UK-based Actis has acquired a 40% equity stake in Terra Solar for the largest foreign direct investment for a greenfield infrastructure project in the Philippines. Seen in the photo are (from L-R) Actis Head of Southeast Asia Energy Rahul Agrawal, Actis Chairman and Senior Partner Torbjorn Caesar, Meralco Chairman and CEO Manuel V. Pangilinan, and MGEN President and CEO Emmanuel V. Rubio during the signing ceremony.
In September 2024, SPNEC announced the strategic entry of UK-based Actis through Actis Rubyred (Singapore) Pte. Ltd., which is set to acquire a 40% equity stake in Terra Solar for a total consideration of approximately US$600 million — by far, the largest foreign direct investment for a greenfield infrastructure project in the Philippines.
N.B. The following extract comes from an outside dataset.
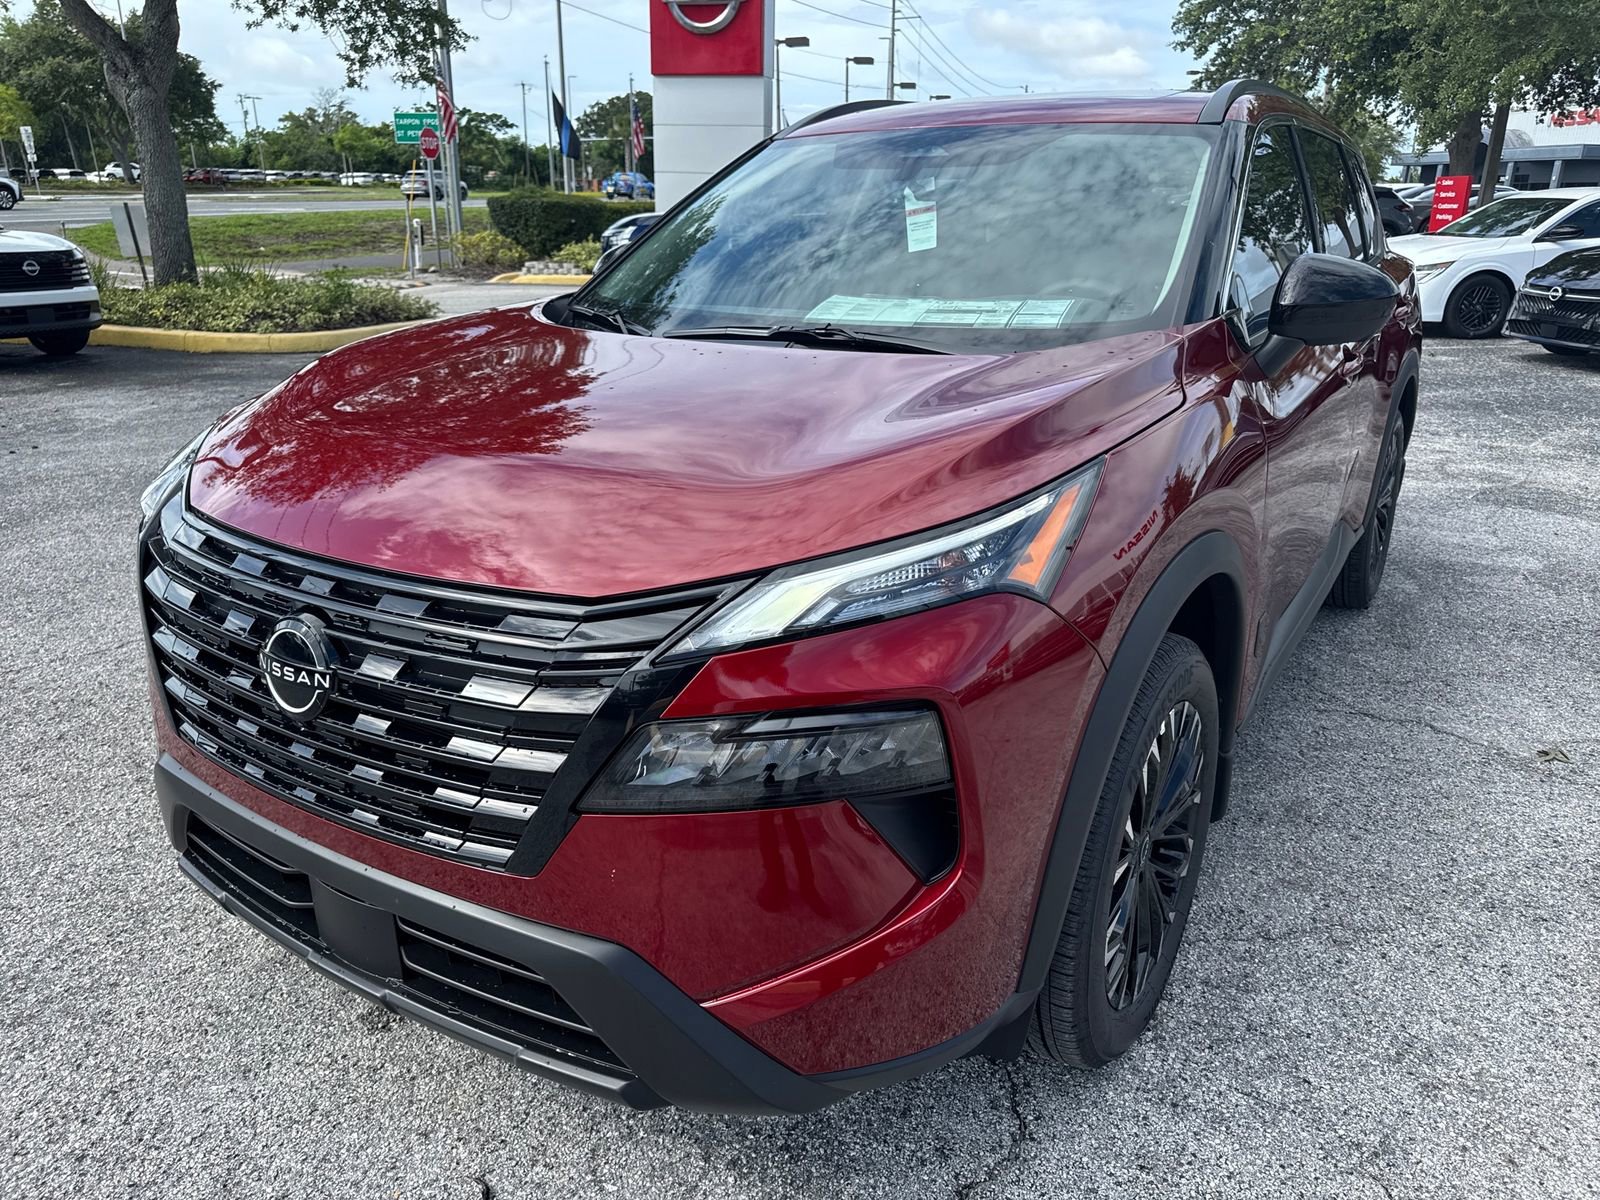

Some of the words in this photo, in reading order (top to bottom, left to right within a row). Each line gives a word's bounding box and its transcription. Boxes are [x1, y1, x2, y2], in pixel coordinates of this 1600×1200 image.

[421, 137, 438, 149] STOP
[1435, 213, 1453, 221] Parking
[260, 652, 330, 688] NISSAN
With the development activities of the project in full swing, Terra Solar entered an engineering, procurement, and construction contract with Meralco Industrial Engineering Services Corp. (MIESCOR) covering the connection assets that will link the power plant to the national grid.
These milestones are expected to positively impact the timely construction of the project, with the first phase involving 2,500 MW to be delivered on-track by the first quarter of 2026 — and Phase 2, a year later.
Aside from Terra Solar, power plants of MGEN Renewable Energy, Inc. (MGreen) operated efficiently and collectively maintained an impressive 97% average plant availability. The renewable energy arm of MGEN delivered a total of 483 GWh of clean energy, its highest generation of solar power to date — a 90% increase from 254 GWh the previous year, which is expected to grow further as new solar plants start operating.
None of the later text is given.